After three decades in the public eye, the former first lady, senator and secretary of state wants to reintroduce herself to voters as a down-to-earth champion of middle class aspiration.
So she began by travelling by van across the Midwest from New York to Le Claire, a small town of 4,000 souls in Iowa - the state which will see the first votes in next year's primary race.
There, on the banks of the Mississippi, the woman who once walked the world's corridors of power as the United States' top diplomat, sat down for a tea in Jones Street Coffee House.
The small business opened only six months ago to serve a growing community, an apt symbol of the hopes and dreams of the kind of "everyday people" featured in Clinton's first campaign ad.
"Hi everybody. Thank you for having us and all of these people. I love it," she said, greeting Jen and Paul behind the counter and then sitting down for a chat out of reporters' earshot.

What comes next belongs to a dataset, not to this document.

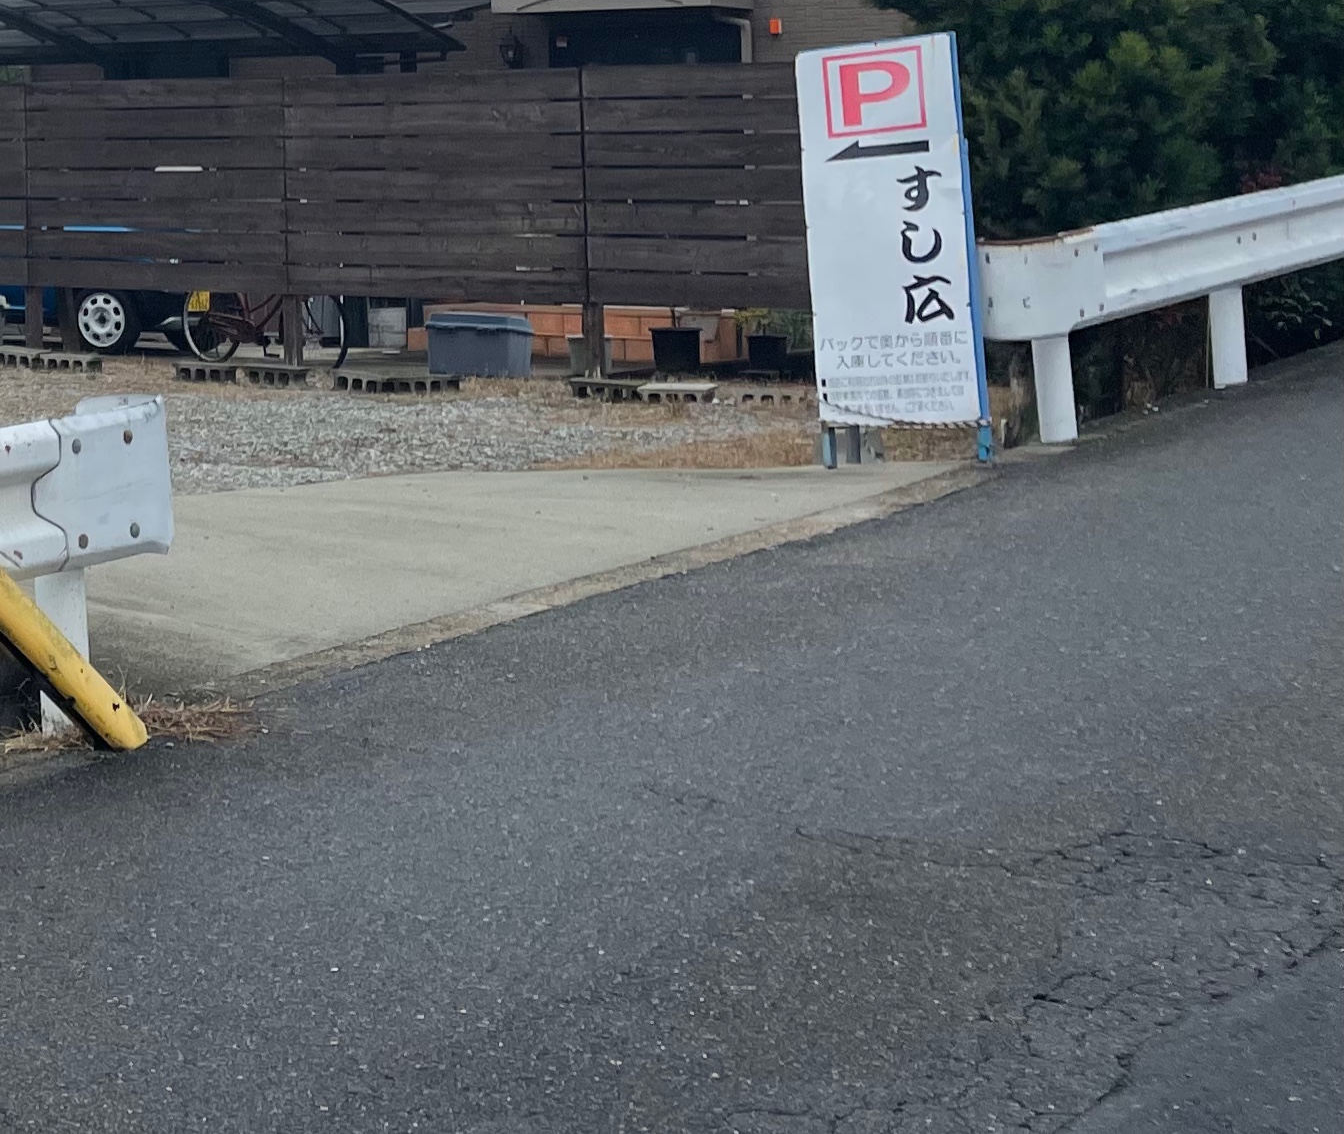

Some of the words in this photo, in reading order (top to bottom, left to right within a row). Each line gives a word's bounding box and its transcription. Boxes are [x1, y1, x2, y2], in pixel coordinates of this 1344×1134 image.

[838, 60, 912, 127] P
[895, 165, 956, 325] すし広
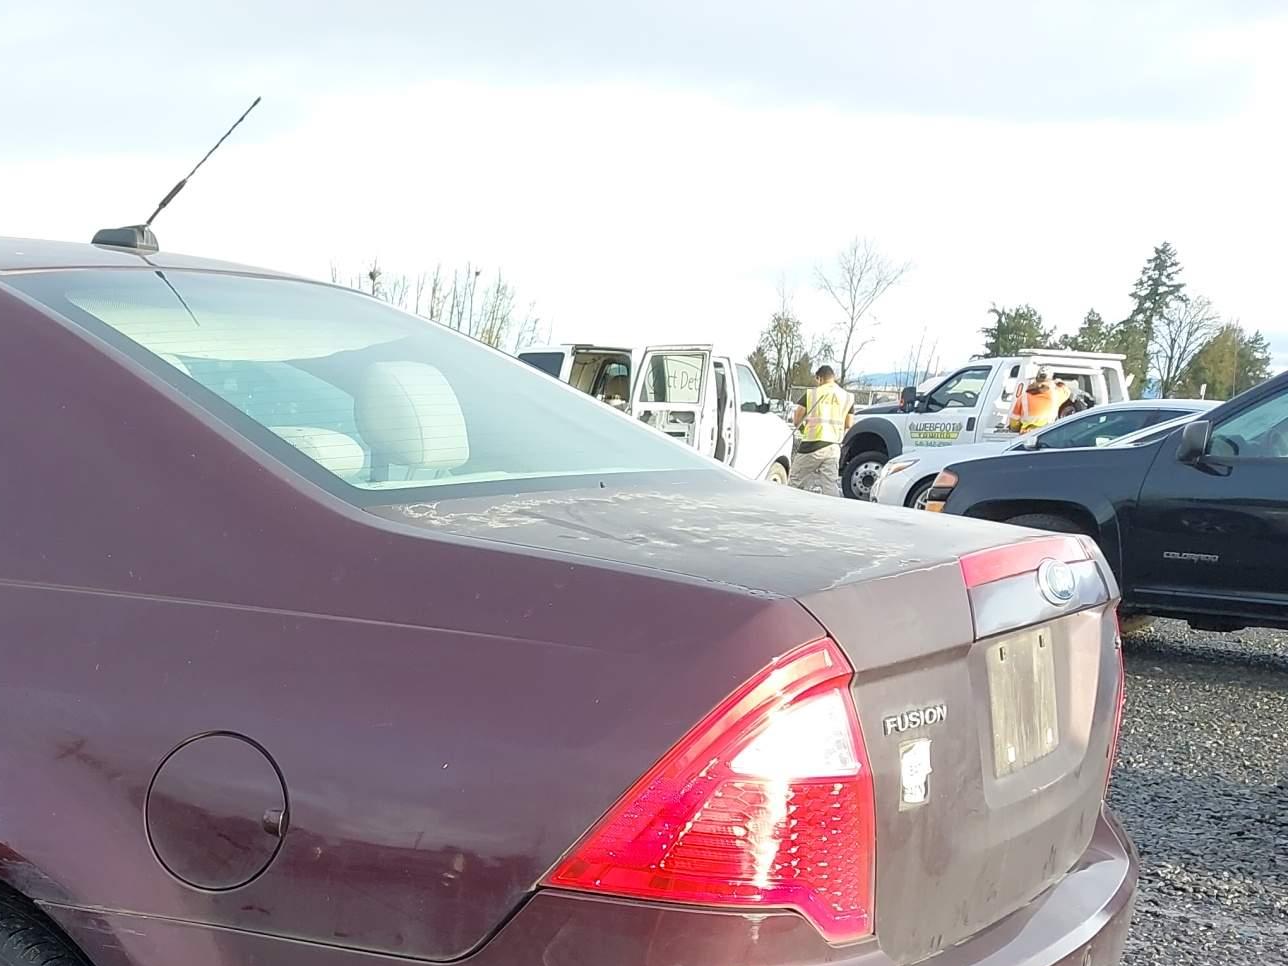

Her guests were invitees - a young mother who volunteers for Planned Parenthood, a student from a campus in nearby Davenport and the president of a university Democratic Party group.
But the intent - as with the two-day drive from Clinton headquarters in hip Brooklyn through the Pennsylvania and Ohio rust belt to the fields of Iowa - was to show her meeting ordinary voters.
Face-to-face
It is a marked departure from the steely image portrayed in the now 67-year-old's failed bid for the 2008 Democratic presidential nomination.
Then, she was defeated in Iowa and eventually nationwide by a young Barack Obama, who went on to win two terms in the White House as America's first black president.
Now Clinton wants to return as America's first female leader to the building where she lived as first lady during her husband Bill's two presidential terms from 1993 to 2001.
So far she has no challenger within her own party, so she may have time to run a small, face-to-face campaign in early primary states while her Republican rivals battle each other.
But - the flip side to her frontrunner status - her formal entry into the campaign on Sunday immediately unleashed a ferocious assault on her record and character from the opposing camp.
A quarter-century younger than Clinton, Republican Senator Marco Rubio launched his presidential bid Monday, with a pointed attack on US leadership "stuck in the 20th century."
"Just yesterday, a leader from yesterday began a campaign for president by promising to take us back to yesterday," the conservative Cuban-American told supporters in Florida.
Obama has said he thinks Clinton would make an excellent president, but has yet to formally endorse her, and she will be careful to keep a certain distance from his record in office.
Republicans blame the Democratic administration for America's slow economic recovery in the wake of the recession triggered by the 2008 crash and have vowed to slash government spending.
They also allege that Obama's cautious foreign policy - partly enacted by Clinton during her time at the State Department - abandons America's allies and emboldens its foes.
Rubio joins two other Republican first-term senators who are already running: Ted Cruz of Texas, who is also Cuban-American, and Libertarian-leaning Rand Paul from Kentucky.
While Clinton has few Democratic rivals, several more Republicans may join the fray, including Wisconsin Governor Scott Walker and former Texas governor Rick Perry.
Jeb Bush, a former governor and the son and brother of two presidents, is also expected to run, and for good or ill shares with Clinton presidential name recognition.
Campaign-defining
An agricultural state with a little more than three million residents, Iowa plays an outsized role in the US political calendar.
It is the first electoral battleground for White House candidates, where voters make their preferences known before any other state in party primaries and caucuses.
While it sends few party delegates to the national Republican and Democratic conventions, the result in Iowa helps set the tone of the campaign.
Clinton's is not expected to stage her first major rally and give her first defining version of her campaign speech until May.